A Dance With Dragons

by George R.R. Martin

Just because he's a superstar now doesn't mean that Martin is getting soft. Fans waited six years for A Dance with Dragons, the fifth book in his Song of Ice and Fire series (better known as A Game of Thrones — the title of the HBO show based on them), and the wait was completely worth it. Martin writes epic fantasy, but not the way JRR Tolkien did: his world is dark and gritty and morally confused, and his characters are venal, petty, lusty, angry, greedy and often very funny. And yes, every once in a while, someone does something noble and selfless ... but don't get too attached.

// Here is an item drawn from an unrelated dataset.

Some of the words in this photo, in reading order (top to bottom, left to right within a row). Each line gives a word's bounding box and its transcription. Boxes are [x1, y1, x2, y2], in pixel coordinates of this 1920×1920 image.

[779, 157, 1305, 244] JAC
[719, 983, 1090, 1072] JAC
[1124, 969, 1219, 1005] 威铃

Martin has a reputation for killing off beloved characters when you least expect it, and he's had six years to sharpen his blade.

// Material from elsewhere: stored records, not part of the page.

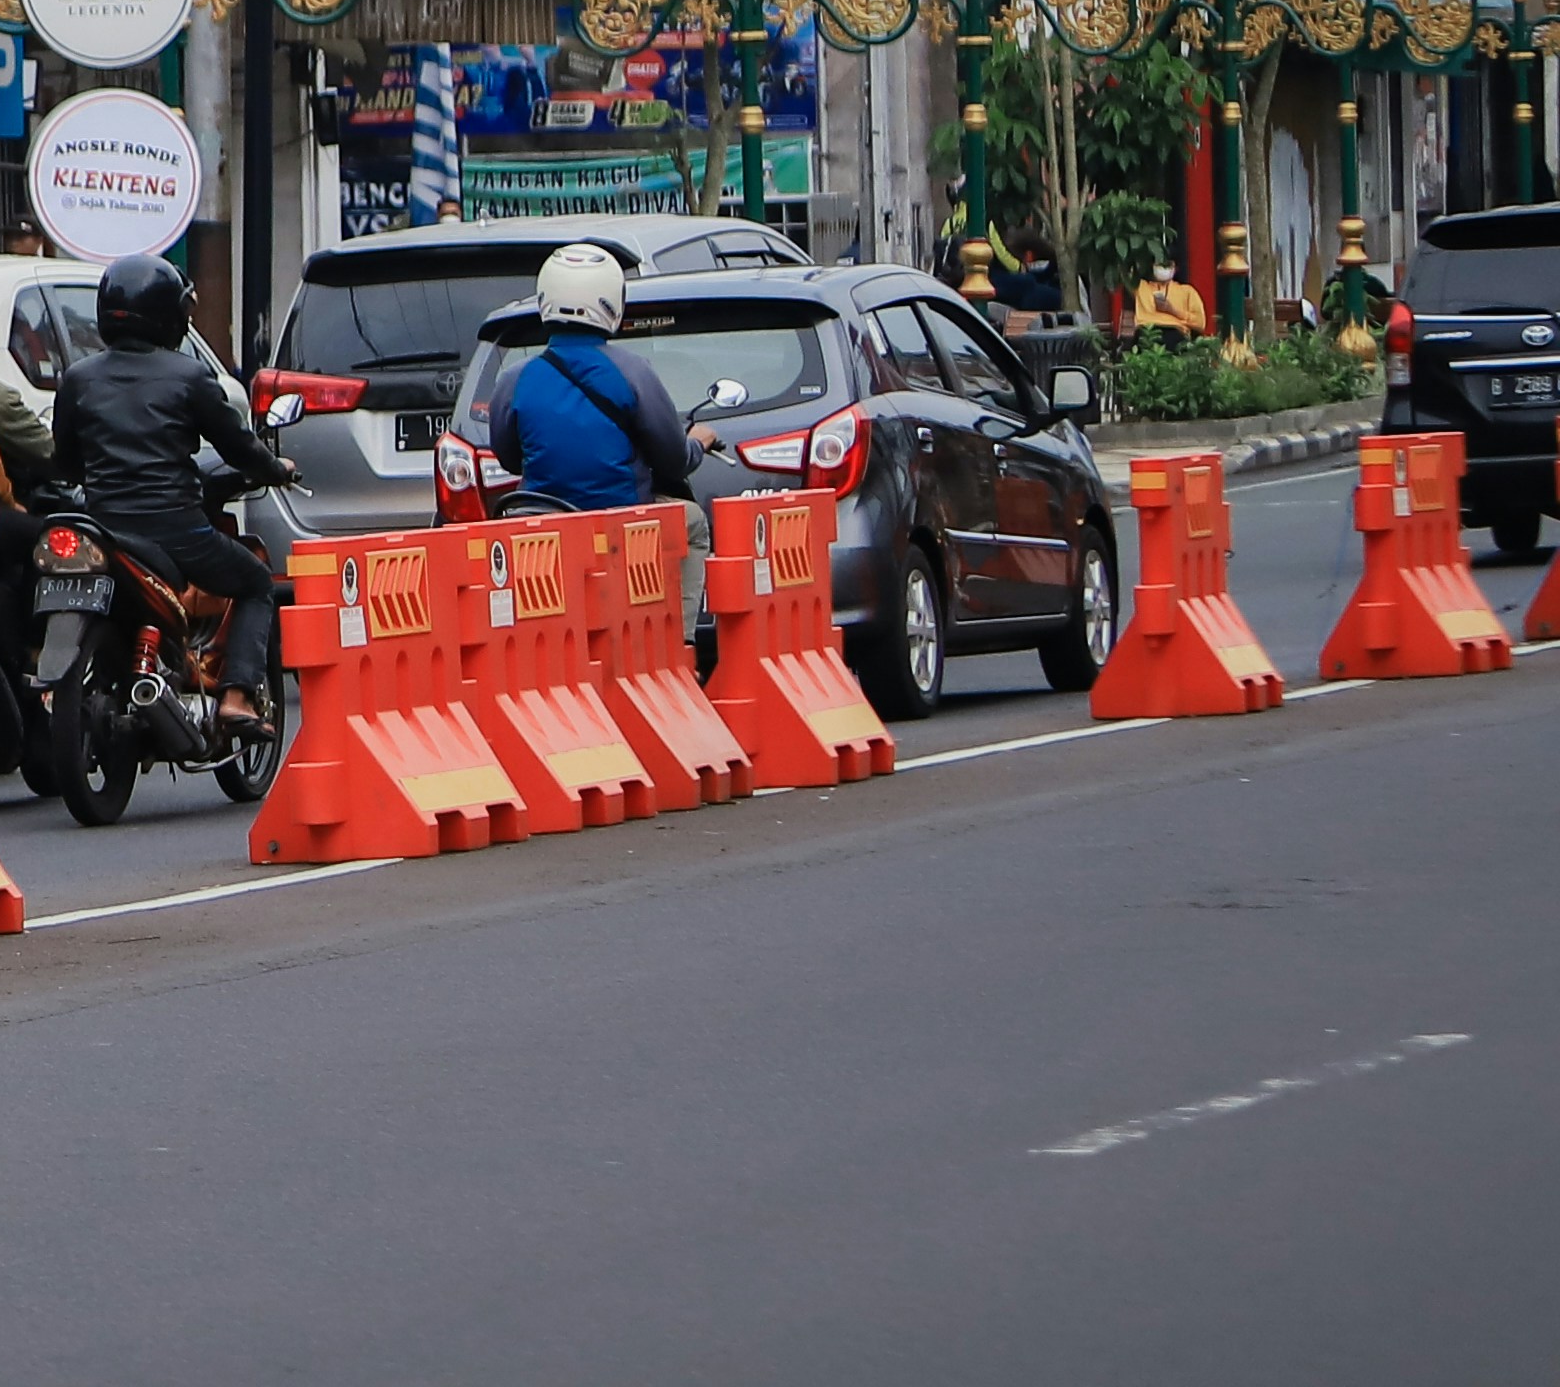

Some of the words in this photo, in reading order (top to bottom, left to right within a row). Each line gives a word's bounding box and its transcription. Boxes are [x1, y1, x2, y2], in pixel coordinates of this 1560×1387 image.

[68, 4, 146, 16] LEGENDA
[54, 140, 120, 157] ANGSLE
[123, 142, 181, 167] RONDE
[53, 167, 177, 197] KLENTENG
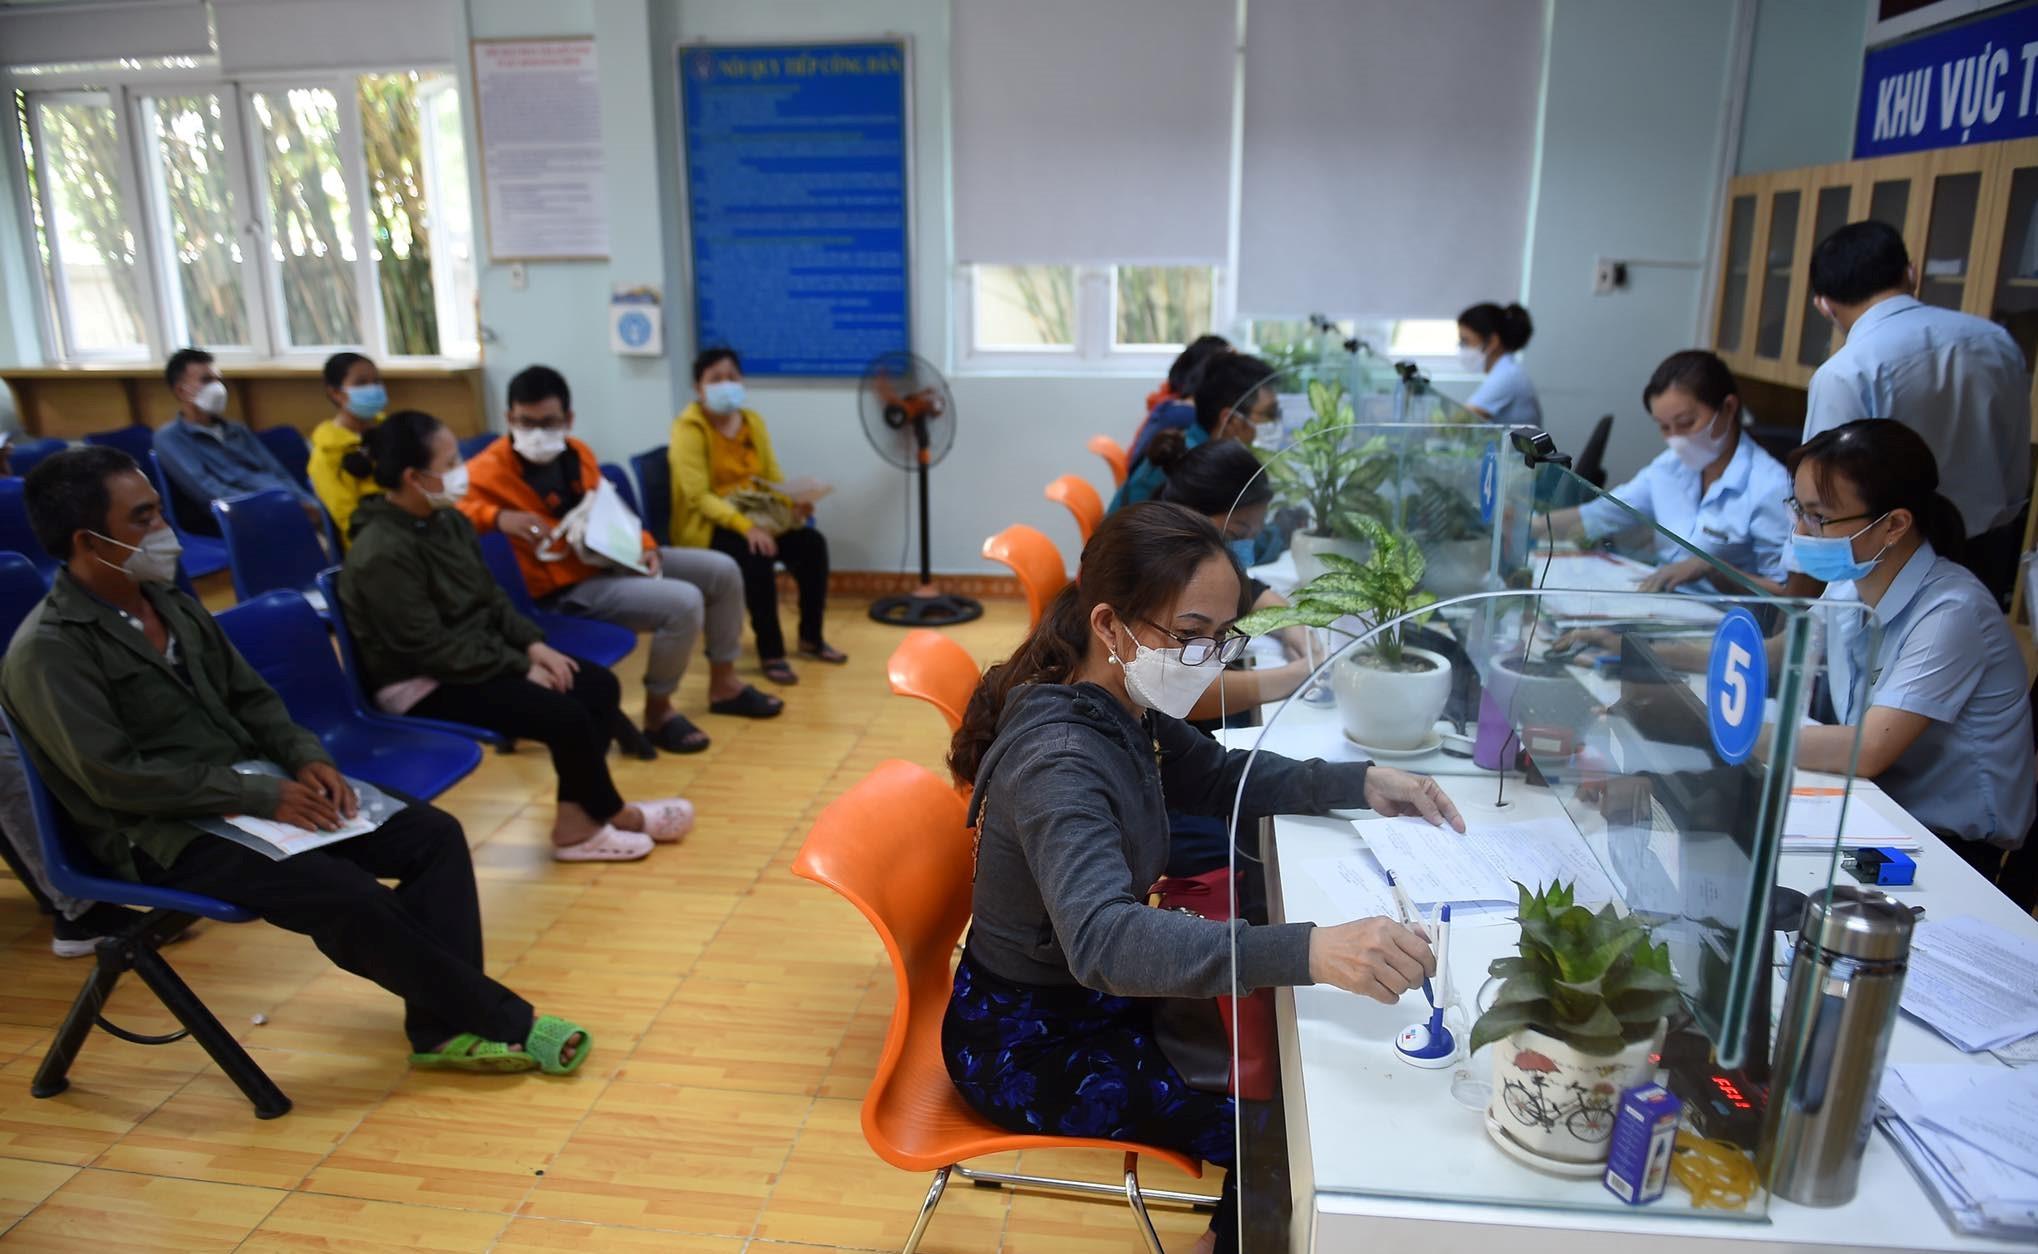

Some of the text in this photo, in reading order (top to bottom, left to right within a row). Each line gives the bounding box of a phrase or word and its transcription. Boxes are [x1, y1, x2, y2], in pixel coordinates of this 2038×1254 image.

[1872, 66, 1933, 142] KHU
[1940, 41, 2009, 144] VỰC
[1484, 462, 1493, 505] 4
[1720, 640, 1752, 727] 5

The Girl Who Circumnavigated Fairyland in a Ship of Her Own Making

by Catherynne M. Valente

If you haven't heard of Catherynne Valente, give it time. She's only 32, and she's writing at a furious pace — she published six books in 2011, all brilliant — without even breathing hard. The Girl Who Circumnavigated Fairyland is the playful, erudite story of a little girl named September who is invited by a Green Wind to visit a place called Fairyland. There she meets and befriends some rather startling creatures, including a wyvern named A-through-L; if I tell you that the wyvern is named that because his father was a library, it should give you a sense of the fathomless inventiveness that Valente brings to her fiction. This is nominally a book for young adults, but it's definitely rich and strange enough for grown-ups, too. Neil Gaiman called it "a glorious balancing act between modernism and the Victorian Fairy Tale." As usual, Gaiman is right.

Rule 34

by Charles Stross

Stross belongs to that subcategory of science fiction writers who actually know a hell of a lot about how computers work. This technological authenticity adds an extra edge of gritty reality to Stross' already thoroughly hard-boiled story about a detective in near-future Edinburgh who stumbles onto a series of linked murders. The victims are all Internet scammers, who died in a variety of elaborate and gruesome ways. It's a wildly entertaining mystery that slips you, under the table, a blisteringly intelligent analysis of our rapidly devolving Internet culture, as well as the social repercussions of disruptive innovations like social media, data mining, and 3-D printing.

The Heroes

by Joe Abercrombie

Abercrombie is a Brit who's not nearly as well-known in the U.S. as he should be. Like George R.R. Martin, he writes dark, morally dodgy fantasy about large men with large swords, but he works at closer range and in something more like real time. The Heroes takes place during one massive, grinding battle — two enormous armies contesting a scrap of random, worthless land. Abercrombie moves from one warrior to another, showing us the strange paths that brought them to this bloodbath, and the different emotional stakes that each one carries with him. It's as if Tolkien cared about the back story of every individual orc: Each soldier is one among thousands, floundering in the fog of war, but each feels like he's living out a tragedy or a triumph with himself as the hero. There's no right side and wrong side — even the warriors aren't sure which is which — and in the end the question of who's the real hero comes down to who survives to tell the story.

Delirium

by Lauren Oliver

In the world of the future, love is considered a disease, amor deliria nervosa, that corrupts the mind and leads to destructive, irrational behavior. Fortunately, when you turn 18, you can be cured by a treatment that frees you from love forever, so you can lead a calm, placid, productive existence alongside your government-assigned spouse. Lena is a good girl who's just out of high school and can't wait to be made safe from love — until she meets Alex, a boy from the wild lands outside the city. It's a place that's been disavowed by the government, where people aren't cured, and can live and love freely. The future of Delirium isn't as violent and thrilling as that of The Hunger Games, but the emotions are just as raw and real, and the romance at the heart of the book is even more convincing.